Saúde

Seguir o salto de proteínas desordenadas pode levar a futuros tratamentos da doença de Alzheimer
Estudo mostra como determinar os movimentos indescritíveis de proteínas que permanecem desordenadas.
Por Sarah Collins - 19/01/2021


Placas beta-amilóides e tau no cérebro - Crédito: NIH Image Gallery

O movimento constante da beta-amiloide é uma das razões pelas quais tem sido tão difícil de atingir - é quase como tentar pegar fumaça com as mãos

Michele Vendruscolo

Pesquisadores da Universidade de Cambridge, do Google Research e da Universidade de Milão usaram técnicas de aprendizado de máquina para prever como as proteínas, particularmente aquelas implicadas em doenças neurológicas, mudam completamente suas formas em questão de microssegundos.

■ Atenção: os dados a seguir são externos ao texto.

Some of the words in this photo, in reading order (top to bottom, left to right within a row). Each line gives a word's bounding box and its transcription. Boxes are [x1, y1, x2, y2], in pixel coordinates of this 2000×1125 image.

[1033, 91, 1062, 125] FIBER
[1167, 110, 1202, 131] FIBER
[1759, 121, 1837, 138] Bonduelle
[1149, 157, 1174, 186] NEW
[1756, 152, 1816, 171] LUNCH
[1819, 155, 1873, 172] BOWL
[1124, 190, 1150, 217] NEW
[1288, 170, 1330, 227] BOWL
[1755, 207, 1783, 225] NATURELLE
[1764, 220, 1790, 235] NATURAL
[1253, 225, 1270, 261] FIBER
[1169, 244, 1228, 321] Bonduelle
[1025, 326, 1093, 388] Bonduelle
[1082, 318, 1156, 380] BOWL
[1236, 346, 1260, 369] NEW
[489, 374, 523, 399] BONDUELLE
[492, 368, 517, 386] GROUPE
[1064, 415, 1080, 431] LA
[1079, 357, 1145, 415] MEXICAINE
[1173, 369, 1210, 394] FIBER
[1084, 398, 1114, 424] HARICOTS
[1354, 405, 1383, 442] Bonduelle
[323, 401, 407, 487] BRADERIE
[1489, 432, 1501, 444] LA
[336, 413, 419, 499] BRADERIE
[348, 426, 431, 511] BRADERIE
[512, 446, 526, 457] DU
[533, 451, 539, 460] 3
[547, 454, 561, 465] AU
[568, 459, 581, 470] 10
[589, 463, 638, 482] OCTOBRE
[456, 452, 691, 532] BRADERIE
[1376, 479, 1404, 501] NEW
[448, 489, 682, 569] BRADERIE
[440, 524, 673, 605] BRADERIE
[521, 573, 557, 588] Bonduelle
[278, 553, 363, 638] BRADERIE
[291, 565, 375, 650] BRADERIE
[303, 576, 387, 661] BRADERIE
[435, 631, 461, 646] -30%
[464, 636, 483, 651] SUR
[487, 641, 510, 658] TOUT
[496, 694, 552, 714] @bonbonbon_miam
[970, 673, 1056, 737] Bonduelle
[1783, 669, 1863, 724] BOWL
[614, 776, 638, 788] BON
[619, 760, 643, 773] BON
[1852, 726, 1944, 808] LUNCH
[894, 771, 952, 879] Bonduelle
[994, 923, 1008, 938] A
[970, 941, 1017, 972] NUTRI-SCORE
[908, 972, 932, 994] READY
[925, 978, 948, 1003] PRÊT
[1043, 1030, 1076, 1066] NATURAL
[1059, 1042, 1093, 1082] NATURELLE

Eles descobriram que quando o beta-amilóide, uma proteína-chave implicada na doença de Alzheimer, adota uma coleção de formas desordenadas, na verdade torna-se menos provável que se junte e forme os aglomerados tóxicos que levam à morte das células cerebrais.

Os resultados , relatados na revista Nature Computational Science , podem ajudar no desenvolvimento futuro de tratamentos para doenças que envolvem proteínas desordenadas, como a doença de Alzheimer e a doença de Parkinson.

“Estamos acostumados a pensar em proteínas como moléculas que se dobram em estruturas bem definidas: descobrir como esse processo acontece tem sido um grande foco de pesquisa nos últimos 50 anos”, disse a professora Michele Vendruscolo do Centro de Doenças de Misfolding de Cambridge, que liderou a pesquisa. “No entanto, cerca de um terço das proteínas em nosso corpo não se dobram e, em vez disso, permanecem em formas desordenadas, como um macarrão na sopa”.

Não sabemos muito sobre o comportamento dessas proteínas desordenadas, uma vez que os métodos tradicionais tendem a resolver o problema de determinar estruturas estáticas, não estruturas em movimento. A abordagem desenvolvida pelos pesquisadores aproveita o poder da infraestrutura de computação em nuvem do Google para gerar um grande número de trajetórias curtas. “Extensas simulações de computador nos permitem capturar os movimentos em nível molecular de milhares de cópias de uma proteína em paralelo e reproduzi-los como um filme”, disse o co-autor, Dr. Kai Kohlhoff, do Google Research.

Os tipos de movimentos mais comuns aparecem várias vezes nesses filmes, tornando possível definir as frequências pelas quais proteínas desordenadas saltam entre diferentes estados.

“Ao contar esses movimentos, podemos prever quais estados a proteína ocupa e com que rapidez ela faz a transição entre eles”, disse o primeiro autor Thomas Löhr, do Departamento de Química Yusuf Hamied de Cambridge.

Os pesquisadores focaram sua atenção no peptídeo beta-amilóide, um fragmento de proteína associado à doença de Alzheimer, que se agrega para formar placas amilóides no cérebro de indivíduos afetados. Eles descobriram que o beta-amiloide salta entre estados amplamente diferentes milhões de vezes por segundo, sem nunca parar em nenhum estado particular. Essa é a marca registrada da desordem, e a principal razão pela qual a beta-amiloide foi considerada "impossível de ser tratada" até agora.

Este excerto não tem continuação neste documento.